Poi il Comune lancia una nuova gara d’appalto per l’assegnazione della concessione demaniale e dei lavori e approva il “Project Financing” della società “Nuovo Porto di Ospedaletti”. Il progetto, del valore stimato di 90 milioni di euro, prevede 115 posti barca, un cantiere navale con bacino di alaggio, aree di rimessaggio a terra, creazione di una spiaggia, giardini, piste ciclabili, parcheggi, insomma di tutto e di più. Peccato che tutto è ancora sulla carta, in attesa di nuovi studi, integrazioni, permessi e via dicendo.


Per non avere più porti fantasma

Come abbiamo visto, sono tutti progetti “maledetti” sparsi per l’Italia da Nord a Sud, nati male e finiti peggio, anzi mai conclusi. Ce ne sono sicuramente altri, a riprova di un sistema nazionale che nonostante i numeri positivi mostra la corda su tanti aspetti.

Come rimediare? Bisognerebbe creare innanzitutto una cabina di regia nazionale per coordinare l’operato di regioni ed enti locali su vari fronti: gestione delle aree territoriali, assegnazione delle concessioni, ammissioni a fondi e sgravi fiscali. Insomma fare “sistema”, come avviene in Francia o in Croazia. Poi tra gli indirizzi generali per la creazione di nuovi posti barca, sarebbe opportuno pensare non solo ai maxi yachts e alla nautica di lusso, ma riservare una quota maggiore di ormeggi alle unità di piccole-medie dimensioni.
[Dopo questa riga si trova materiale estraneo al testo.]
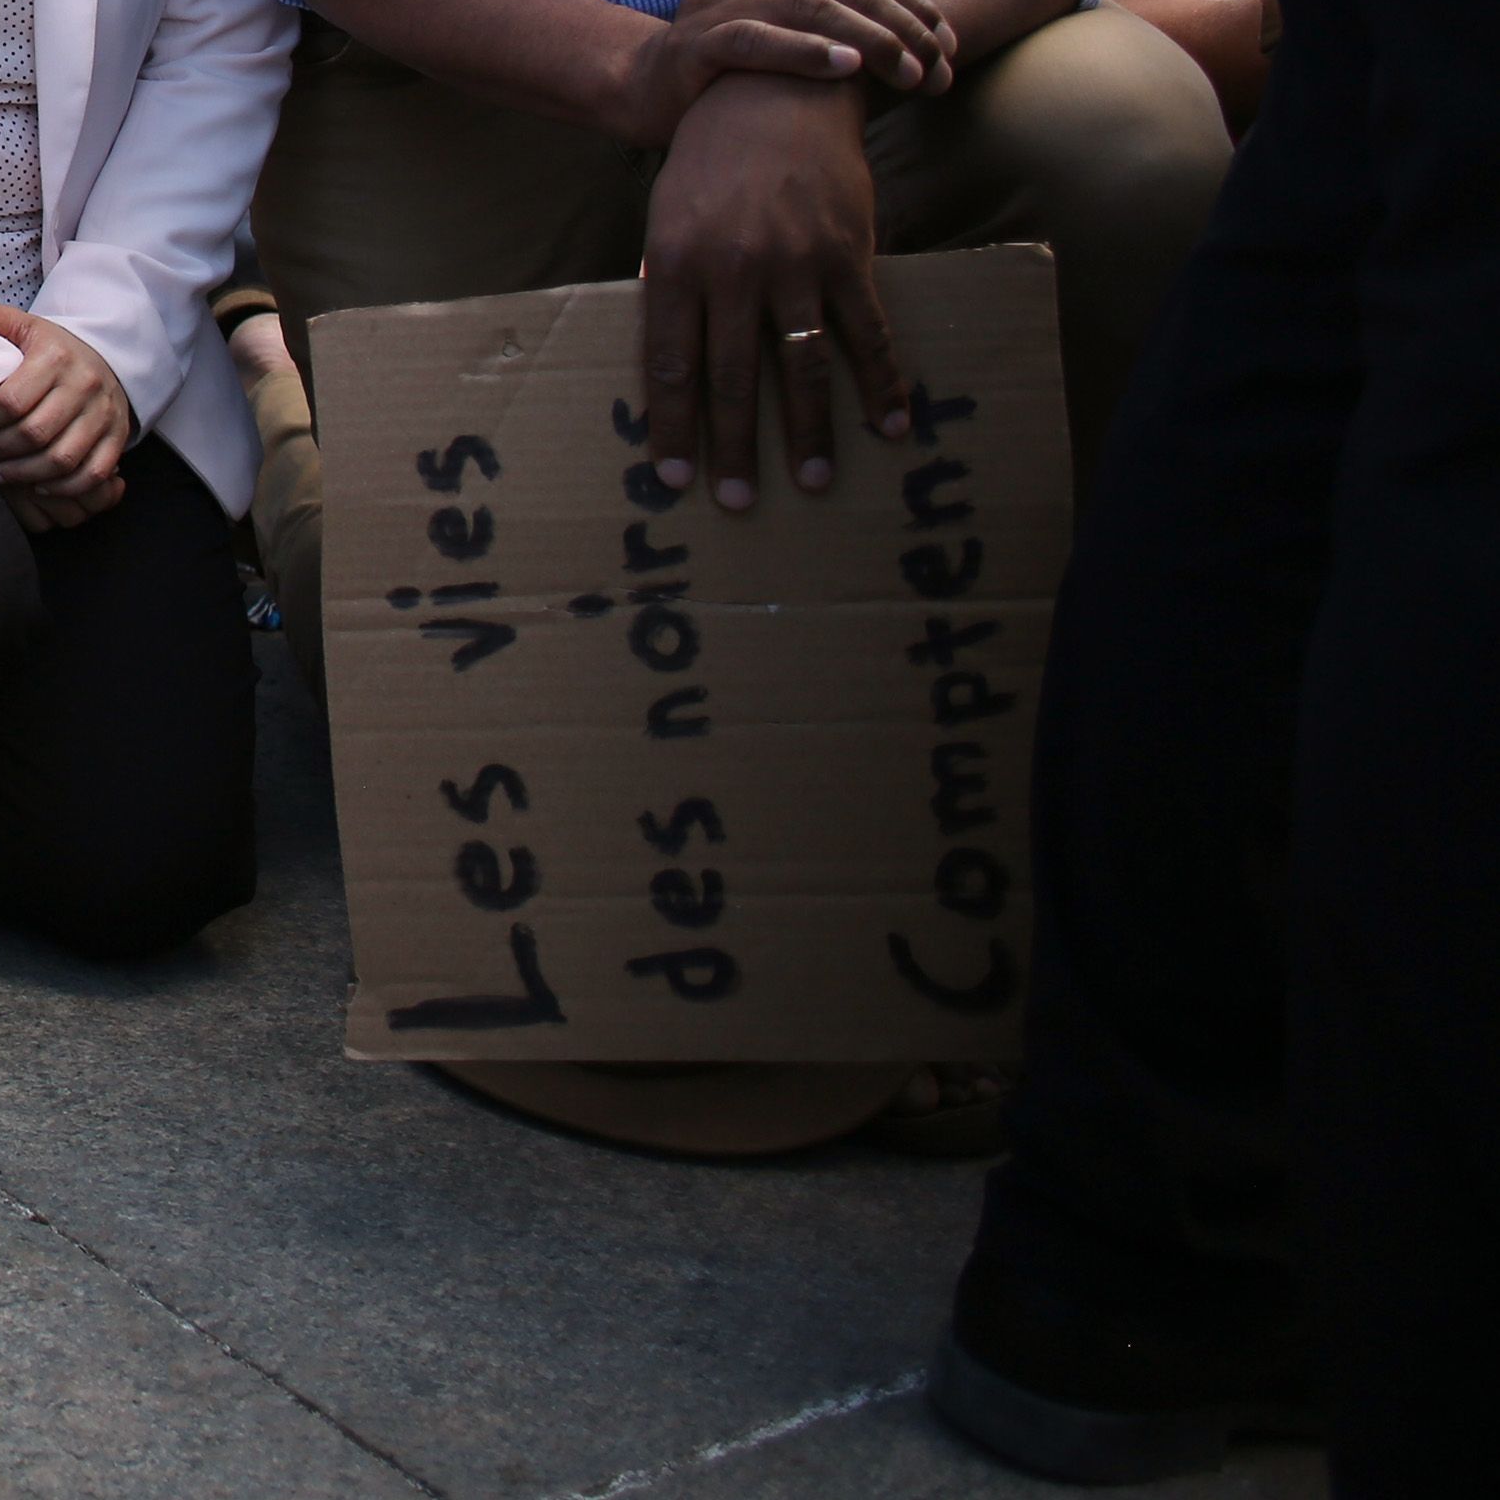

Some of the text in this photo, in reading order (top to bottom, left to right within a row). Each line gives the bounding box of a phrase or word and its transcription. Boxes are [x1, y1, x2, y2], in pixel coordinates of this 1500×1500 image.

[386, 433, 568, 1031] Les vies
[625, 796, 739, 1003] des
[863, 380, 1015, 1014] Comptent
Infine sarebbe necessario stabilire una volta per tutte una classificazione di “qualità” dei porti e dei marina, così come avviene per hotel e strutture turistiche, con un’effettiva corrispondenza tra tariffe richieste e servizi offerti. È così difficile?


L’altra faccia della medaglia

L’Italia è piena di porti efficienti, posizionati in luoghi strategici per il turismo e apprezzati per la qualità del servizio. Da Cala del Forte in Liguria a Marina Cala dei Sardi, dal Marina di Cala de’ Medici in Toscana, al Marina d’Arechi in Campania, dal Capo d’Orlando Marina in Sicilia al nuovo Shipyard & Marina Sant’Andrea in Friuli, solo per fare qualche esempio.

Buon Esempio/1. Gruppi d’investimento come Marinedi (che gestisce 15 porti in giro per l’Italia, nella foto il Marina di Procida) superano
il concetto di imprenditoria locale e propongono una gestione allargata degli approdi, coordinata, in linea con il mercato anche estero e soprattutto funzionale e all’avanguardia.

Tra i modelli virtuosi c’è la rete di approdi Marinedi che gestisce 6.000 posti barca in 15 strutture e il gruppo turco D-Marin appena sbarcato in Italia. Sono gruppi che superano il concetto di imprenditore locale e propongono una gestione coordinata allargata e coordinata, funzionale e all’avanguardia, in linea con il mercato anche estero. Dimostrano che con volontà e spirito imprenditoriale molto si può fare…

Marina Sant'AndreaMarina Sant'Andrea
Buon esempio/2. Shipyard & Marina Sant’Andrea è il porto turistico del Nord Adriatico situato nella laguna di Marano, in Friuli, regione che ha investito – fruttuosamente – sulla nautica: oltre ai 700 posti barca (in mare e a terra) tra i suoi servizi vanta un polo di refit di assoluta eccellenza dove vanno a “rifarsi il trucco” alcune delle più belle barche del Mediterraneo (Swan, Solaris, Sanlorenzo solo per citare alcuni cantieri di cui il marina è official service center).

Quello che è certo è che solo un fronte di porti accoglienti, moderni e sostenibili lungo le nostre coste può essere un traino decisivo non solo per la nautica “made in Italy”, ma soprattutto per il turismo nautico. Cosa aspettiamo?